───── INFORMATION ─────

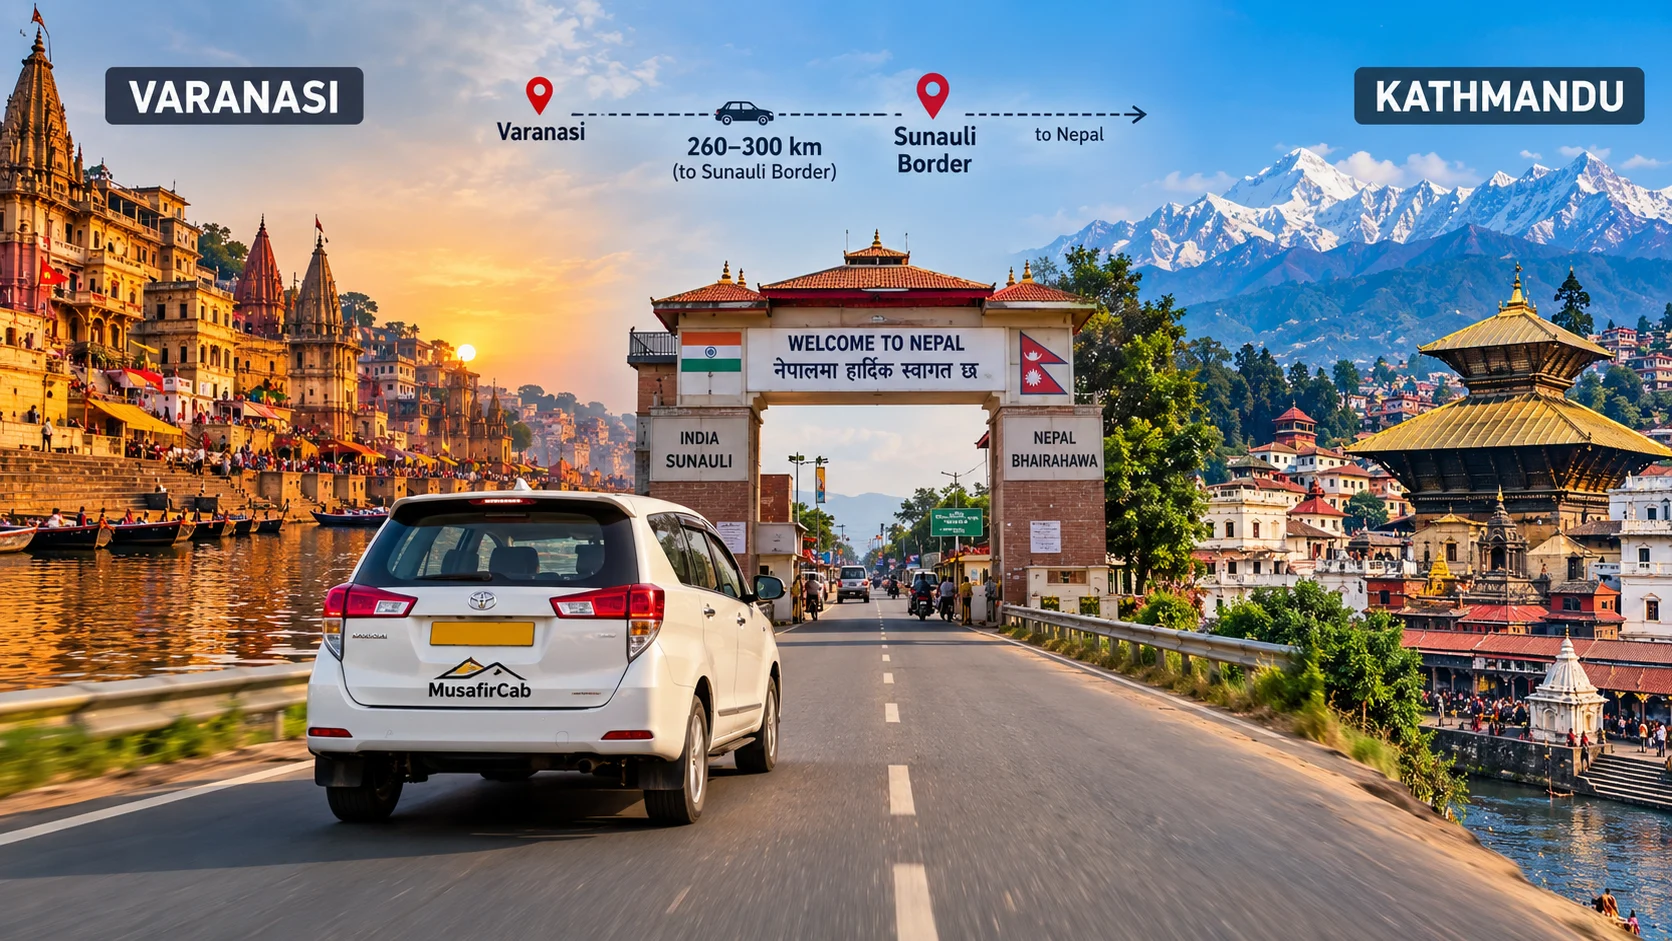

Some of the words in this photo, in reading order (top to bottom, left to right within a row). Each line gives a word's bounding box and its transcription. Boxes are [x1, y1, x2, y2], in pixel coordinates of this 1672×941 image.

[788, 334, 875, 352] WELCOME
[881, 334, 904, 352] TO
[910, 334, 965, 352] NEPAL
[773, 357, 839, 380] नेपालमा
[845, 357, 894, 382] हार्दिक
[901, 362, 954, 380] स्वागत
[959, 362, 980, 380] छ
[680, 430, 720, 446] INDIA
[1033, 430, 1077, 445] NEPAL
[665, 453, 733, 469] SUNAULI
[1011, 453, 1099, 468] BHAIRAHAWA
[428, 682, 532, 699] MusafirCab
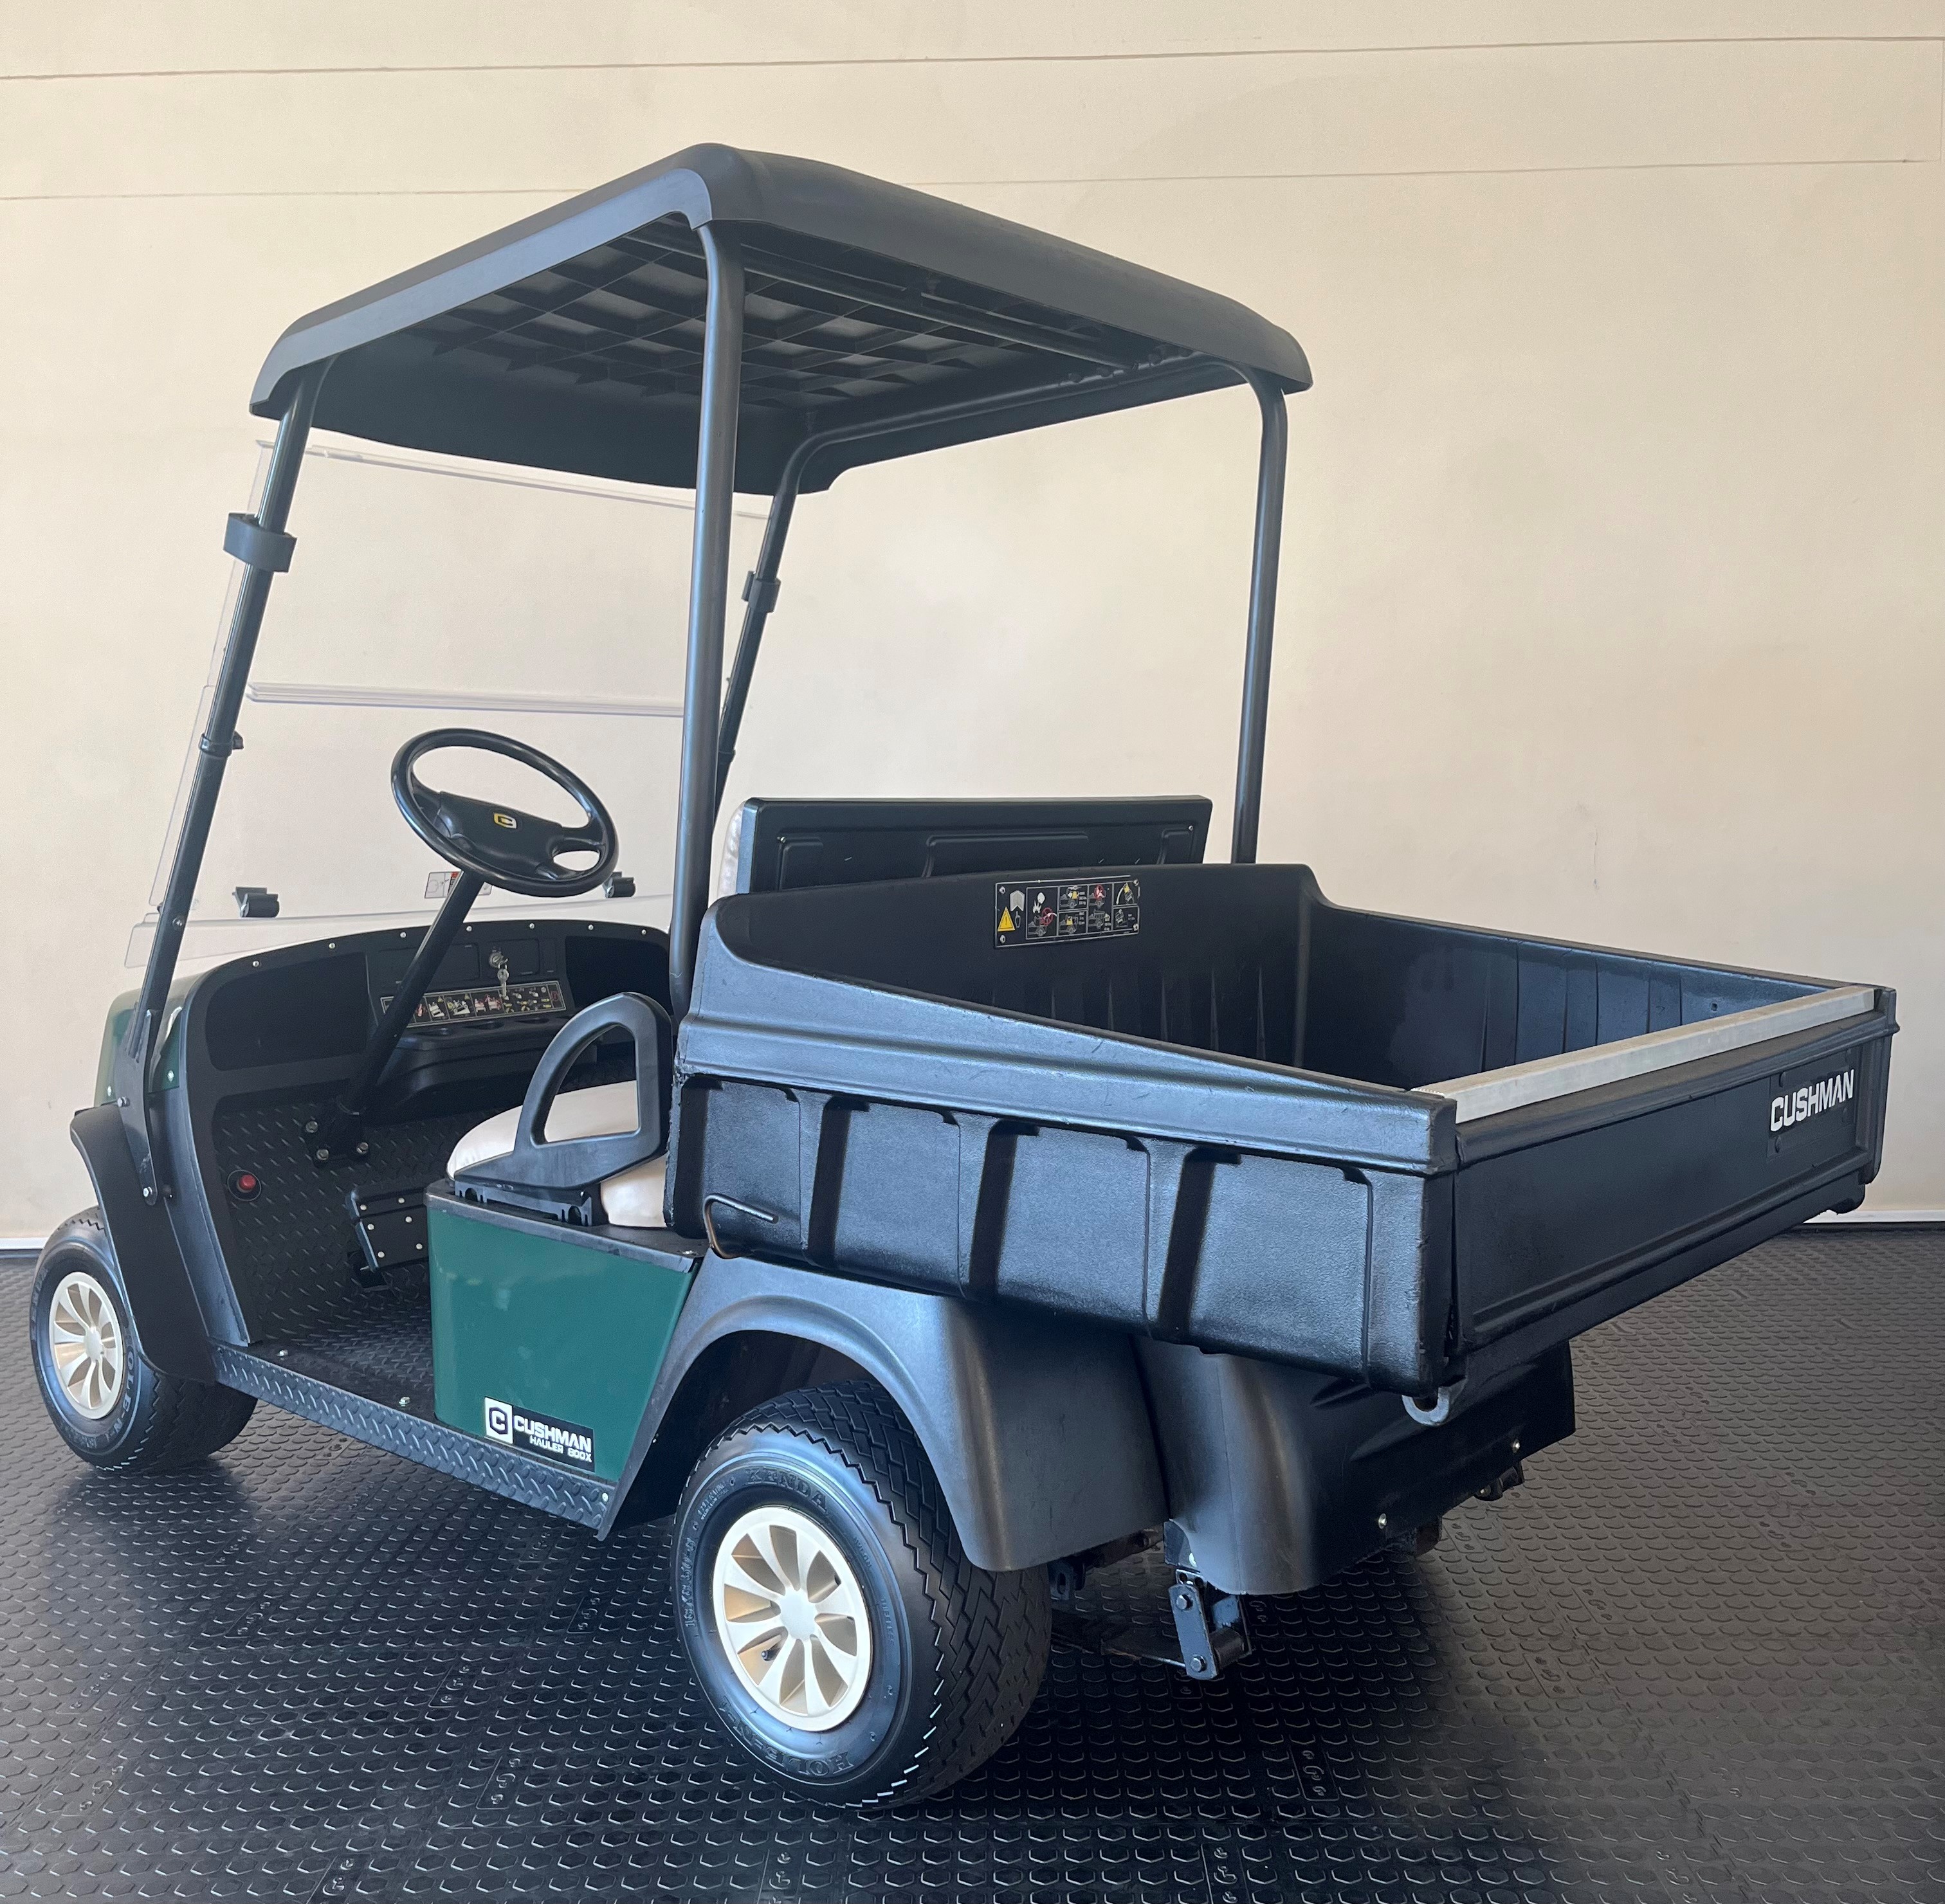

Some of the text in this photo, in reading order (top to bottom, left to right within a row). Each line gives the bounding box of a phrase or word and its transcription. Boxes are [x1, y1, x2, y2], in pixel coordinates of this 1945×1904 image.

[1770, 1069, 1854, 1132] CUSHMAN
[513, 1415, 592, 1453] CUSHMAN
[529, 1435, 592, 1463] HAULER 800X
[744, 1465, 829, 1516] KENDA

─────

Each line from the one containing "Some of the text" to the end of the entries above should be copied exactly, and no other line.

**RESPONSE TO THE EXERCISE**
Some of the text in this photo, in reading order (top to bottom, left to right within a row). Each line gives the bounding box of a phrase or word and its transcription. Boxes are [x1, y1, x2, y2], in pixel coordinates of this 1945×1904 image.

[1770, 1069, 1854, 1132] CUSHMAN
[513, 1415, 592, 1453] CUSHMAN
[529, 1435, 592, 1463] HAULER 800X
[744, 1465, 829, 1516] KENDA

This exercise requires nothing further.